The Oregon law will eventually require most employers to either offer an IRA deduction program or offer to sign employees up for an automatic IRA deduction program operated by the state.

The program was launched with 10 pilot employers and is scheduled to gradually phase in until all employers are required to participate 2020, Investment News reports. Other states that are phasing in automatic IRAs include Illinois, California, Connecticut and Maryland.

The Oregon program will eventually be mandatory for employers, but their involvement will be limited and automated, restricted to linking paychecks to Roth IRA accounts, which offer signficant federal tax and retirement planning benefits compared to standard IRAs. Employers will not be required to match employee contributions.

"The Roth IRAs that workers invest in are 'portable' and stay with them throughout their careers, regardless of where they work," The Fiscal Times reports. "Employers are not responsible for contributing to the retirement accounts, and their primary responsibility is passing along information about the program and handling payroll deductions."

Automatic IRAs have attracted ideologically diverse support. The conservative Heritage Foundation and the center-left Brookings Institution have been two of the earliest and most vocal advocates.

"The automatic IRA has wide bipartisan support from the left and right and was endorsed in 2008 by both the McCain and Obama campaigns," the Heritage Foundation noted in 2010. "It is a simple, cross-ideological, and practical solution to a serious problem."

One might think that any policy embraced by President Barack Obama and the Heritage Foundation would find few enemies.

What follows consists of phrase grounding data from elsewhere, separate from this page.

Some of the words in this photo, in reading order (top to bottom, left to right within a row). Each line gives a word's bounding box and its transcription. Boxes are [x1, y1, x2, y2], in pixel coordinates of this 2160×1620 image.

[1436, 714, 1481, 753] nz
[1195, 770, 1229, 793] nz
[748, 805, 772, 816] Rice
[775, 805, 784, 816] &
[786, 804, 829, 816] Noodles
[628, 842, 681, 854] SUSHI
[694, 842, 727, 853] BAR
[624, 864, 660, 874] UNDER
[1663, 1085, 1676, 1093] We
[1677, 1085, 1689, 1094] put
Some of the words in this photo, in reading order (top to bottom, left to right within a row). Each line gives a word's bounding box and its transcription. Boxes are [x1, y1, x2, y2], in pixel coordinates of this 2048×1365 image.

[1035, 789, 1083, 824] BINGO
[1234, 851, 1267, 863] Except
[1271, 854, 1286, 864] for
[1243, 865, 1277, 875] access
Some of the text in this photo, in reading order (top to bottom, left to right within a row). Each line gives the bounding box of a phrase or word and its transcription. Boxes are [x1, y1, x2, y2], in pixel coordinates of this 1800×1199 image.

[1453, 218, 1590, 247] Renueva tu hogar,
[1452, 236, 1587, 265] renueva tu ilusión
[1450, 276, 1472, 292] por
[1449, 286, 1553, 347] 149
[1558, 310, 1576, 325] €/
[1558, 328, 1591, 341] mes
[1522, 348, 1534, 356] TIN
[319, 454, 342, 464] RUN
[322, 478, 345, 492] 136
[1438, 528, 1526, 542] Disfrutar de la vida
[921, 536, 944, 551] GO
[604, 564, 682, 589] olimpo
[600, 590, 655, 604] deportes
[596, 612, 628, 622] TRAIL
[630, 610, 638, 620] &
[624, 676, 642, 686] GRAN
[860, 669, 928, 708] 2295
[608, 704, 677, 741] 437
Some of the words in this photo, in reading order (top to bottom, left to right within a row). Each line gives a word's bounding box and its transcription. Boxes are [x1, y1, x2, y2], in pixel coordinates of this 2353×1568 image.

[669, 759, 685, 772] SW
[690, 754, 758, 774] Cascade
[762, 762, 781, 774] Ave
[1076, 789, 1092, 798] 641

But one would be wrong.

Automatic IRAs have been strongly opposed by the financial services industry. And after a flurry of lobbying in May, the GOP Congress passed and President Trump signed a law reversing regulations to protect companies that participate in state-run automatic IRA programs.

"The Obama-era regulation overturned by Trump would have granted protection to employers who establish these accounts for their workers, essentially saying that companies wouldn’t expose themselves to certain legal risks if they provide a conduit for regular paycheck deductions for a plan they're not sponsoring," Money reported.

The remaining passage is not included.